● **Exercise directions**: Only the words of the entries are wanted, repeated exactly and without images.

● **Data shown**:
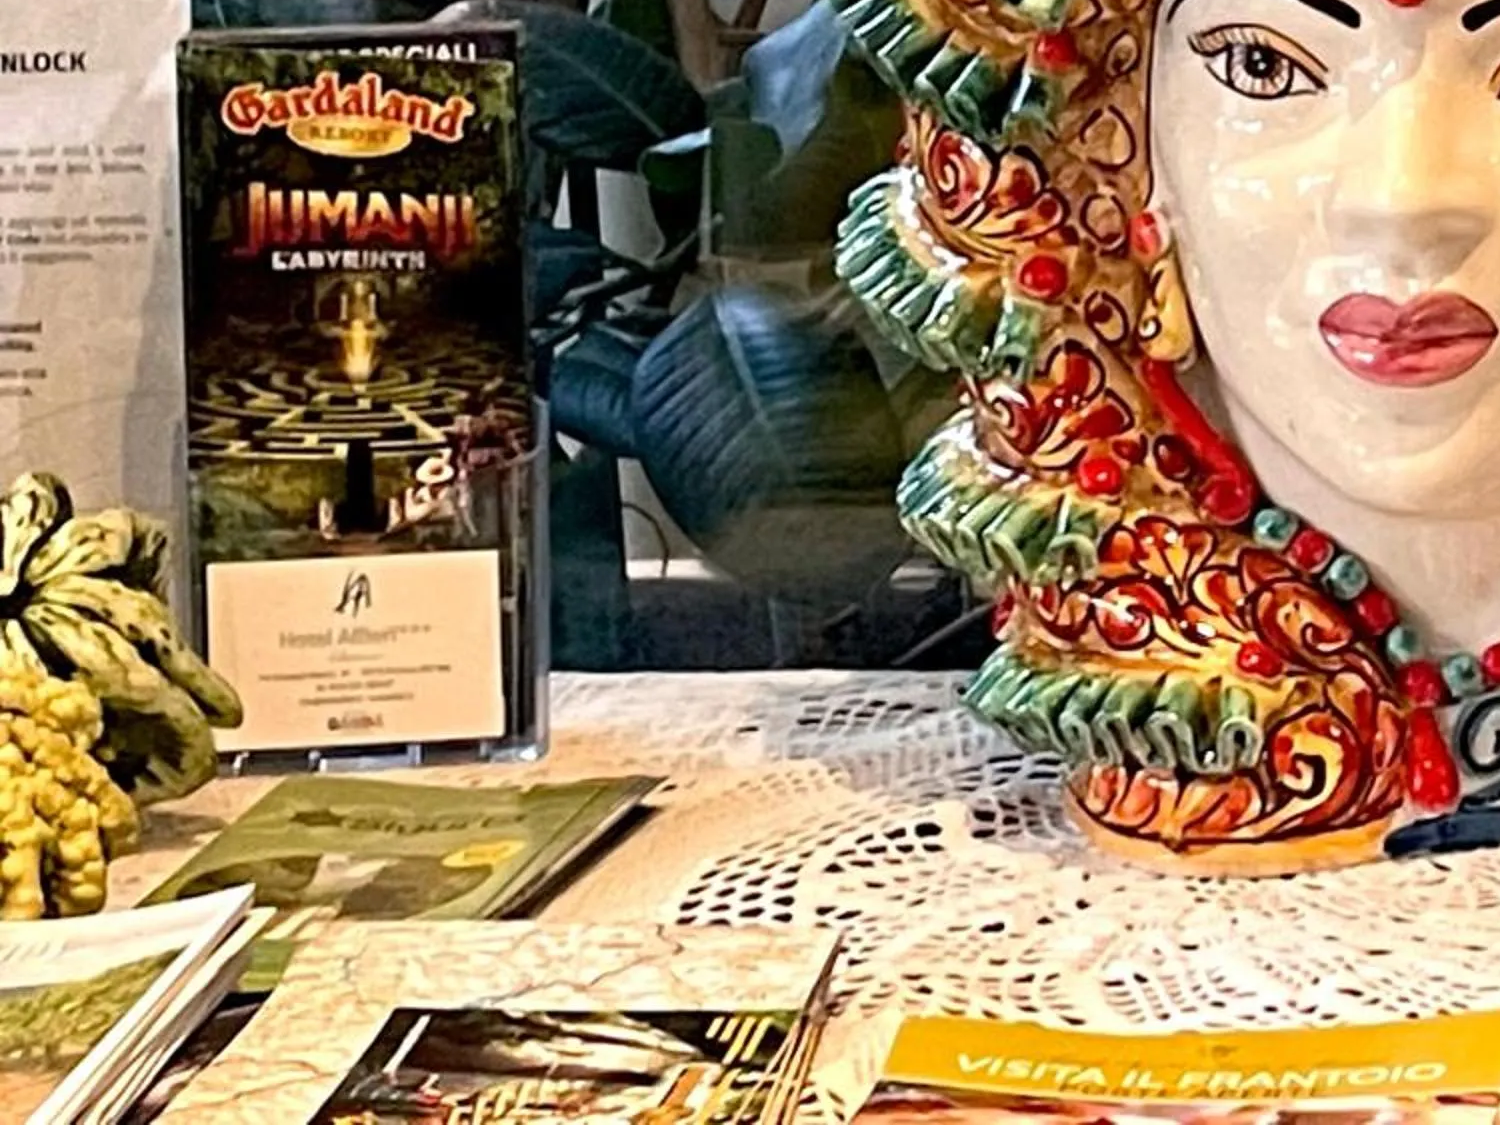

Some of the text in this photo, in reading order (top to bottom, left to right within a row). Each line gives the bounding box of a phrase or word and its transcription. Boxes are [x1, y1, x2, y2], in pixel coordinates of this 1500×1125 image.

[222, 72, 475, 142] Gardaland
[233, 181, 476, 259] JUMANJI
[271, 250, 426, 271] LABYRINTH
[956, 1052, 1449, 1090] VISITA IL FRANTOIO
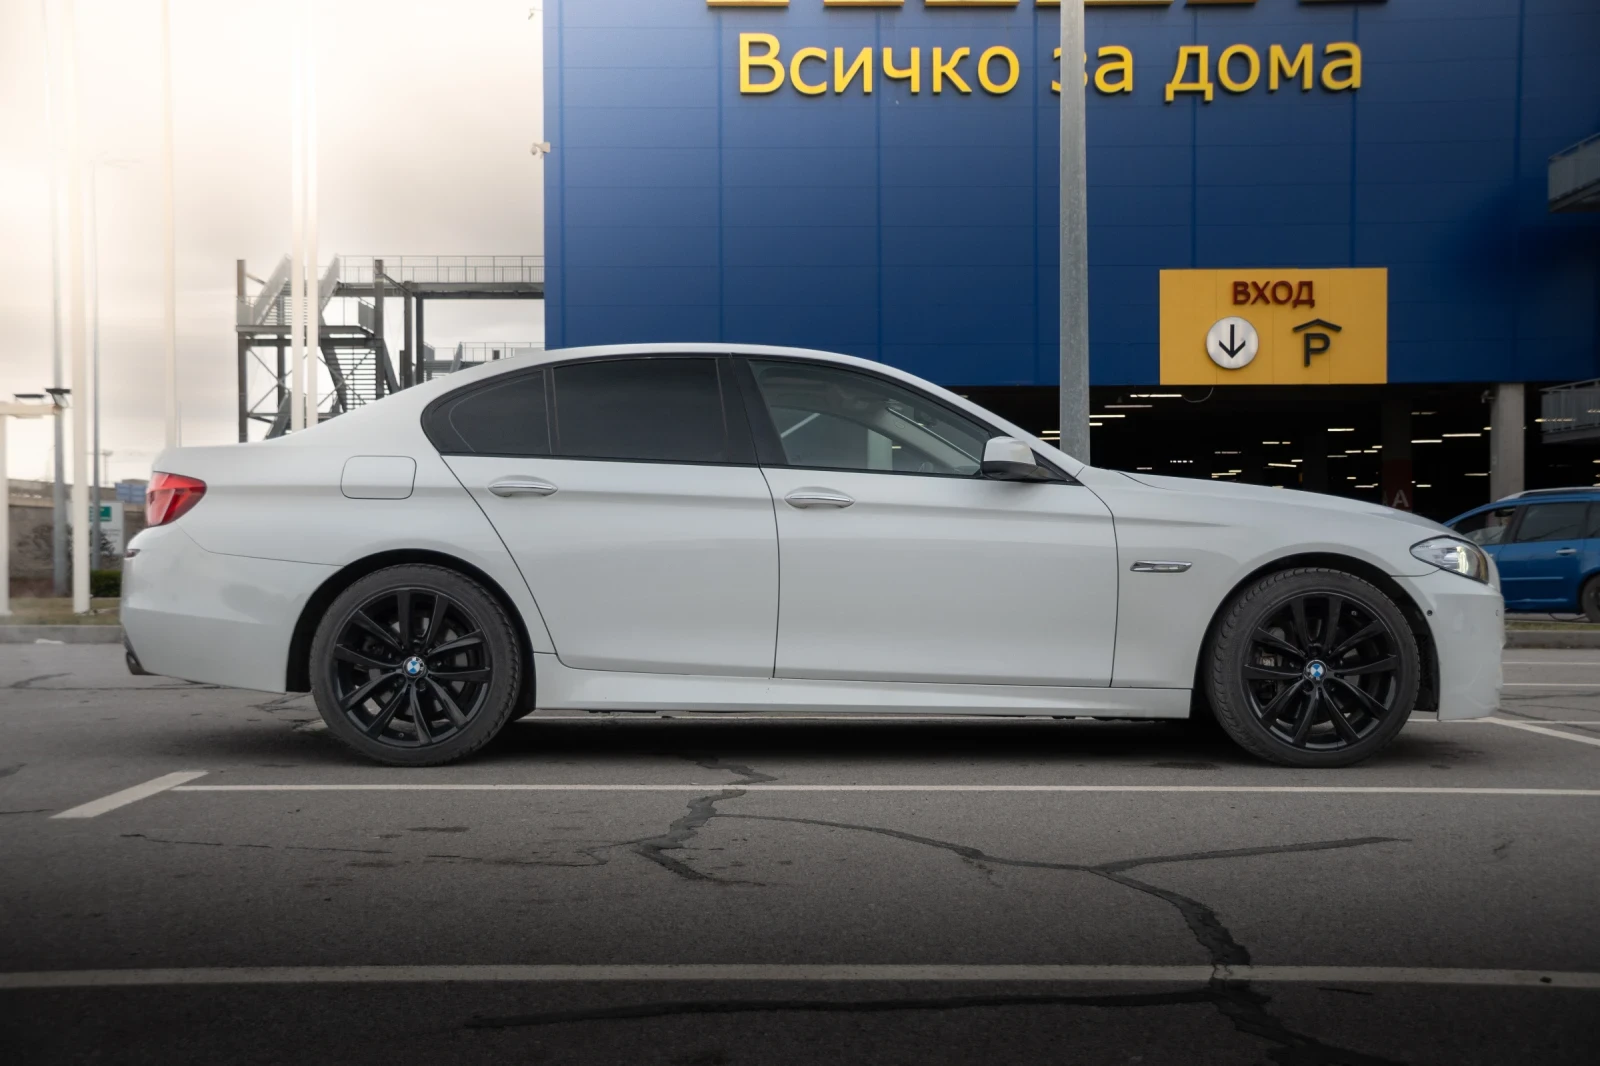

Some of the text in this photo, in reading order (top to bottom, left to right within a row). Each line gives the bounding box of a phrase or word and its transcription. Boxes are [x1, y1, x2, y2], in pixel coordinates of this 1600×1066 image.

[739, 32, 1020, 95] Всичко
[1165, 41, 1362, 102] дома
[1232, 280, 1315, 309] ВХОД
[1303, 332, 1331, 368] P
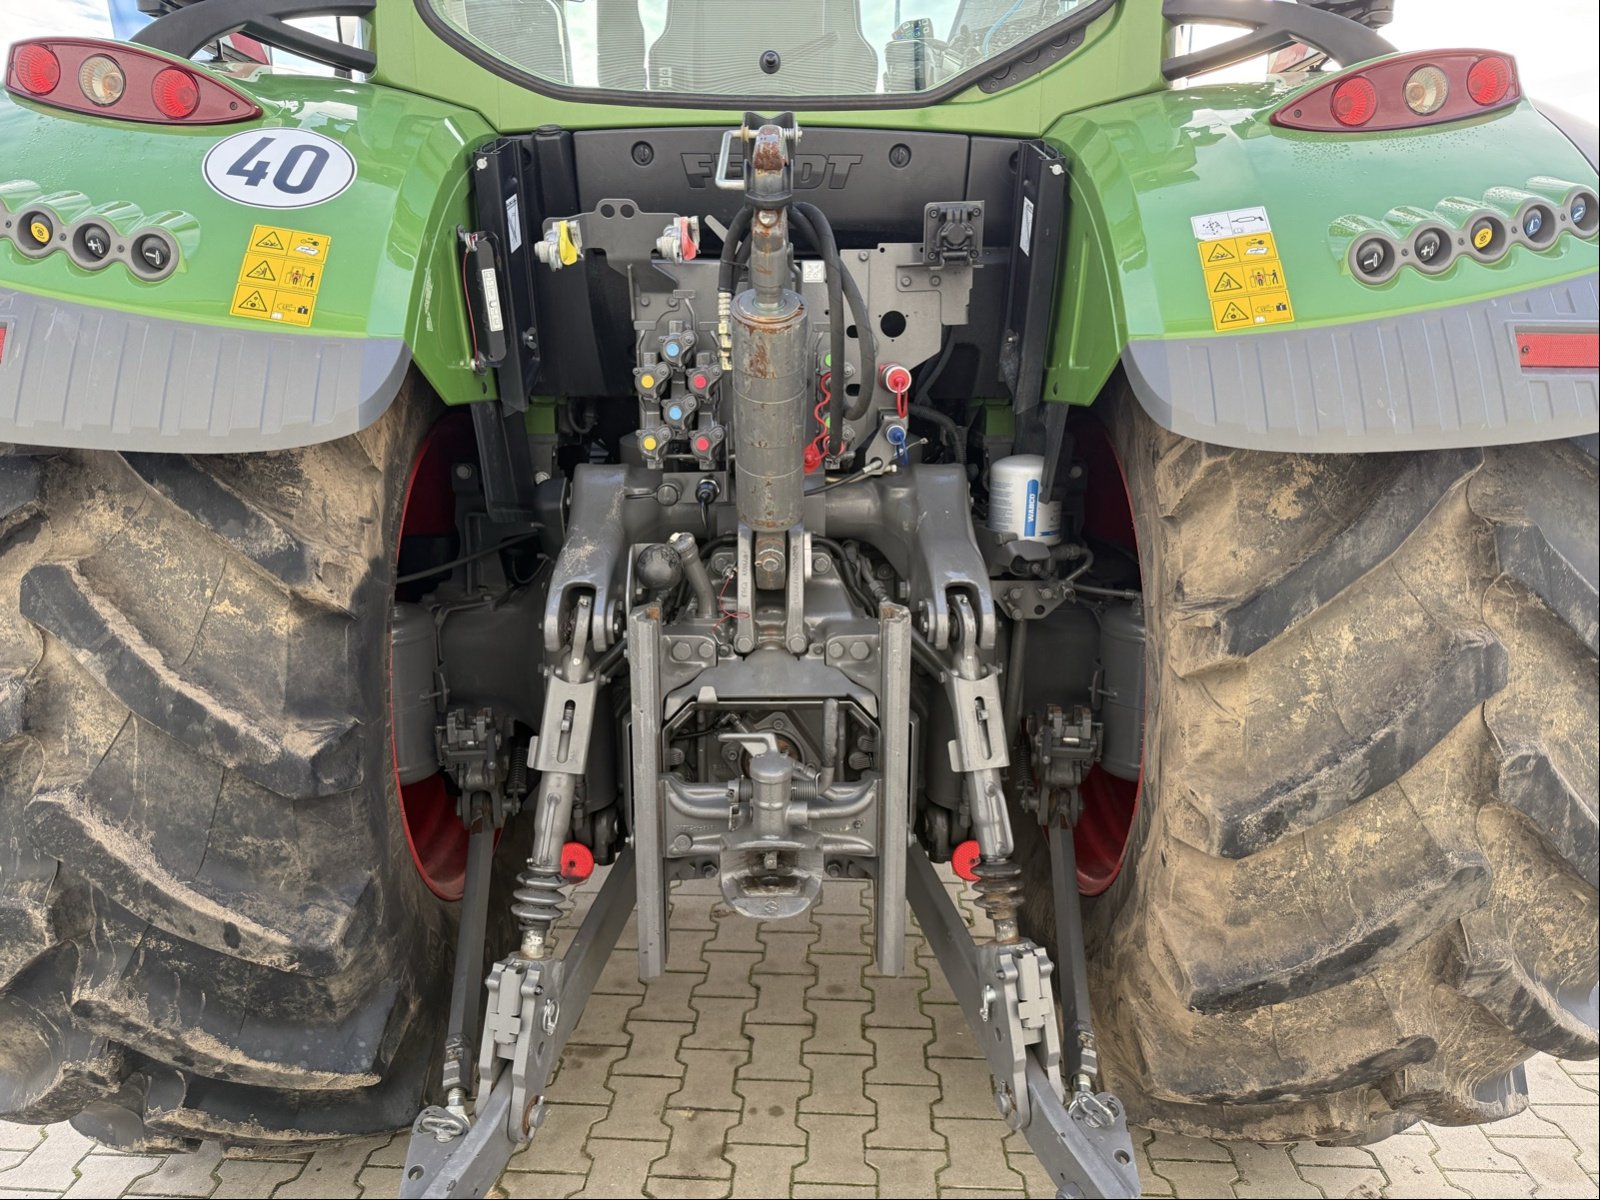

● **Exercise response**:
Some of the text in this photo, in reading order (top to bottom, left to right within a row). Each line gives the bounding box of a phrase or word and its transcription. Boxes are [x1, y1, x2, y2], in pixel coordinates of this 1500×1125 image.

[222, 72, 475, 142] Gardaland
[233, 181, 476, 259] JUMANJI
[271, 250, 426, 271] LABYRINTH
[956, 1052, 1449, 1090] VISITA IL FRANTOIO

Some of the text in this photo, in reading order (top to bottom, left to right within a row). Each line gives the bounding box of a phrase or word and its transcription. Boxes are [x1, y1, x2, y2], in pixel coordinates of this 1600×1066 image.

[739, 32, 1020, 95] Всичко
[1165, 41, 1362, 102] дома
[1232, 280, 1315, 309] ВХОД
[1303, 332, 1331, 368] P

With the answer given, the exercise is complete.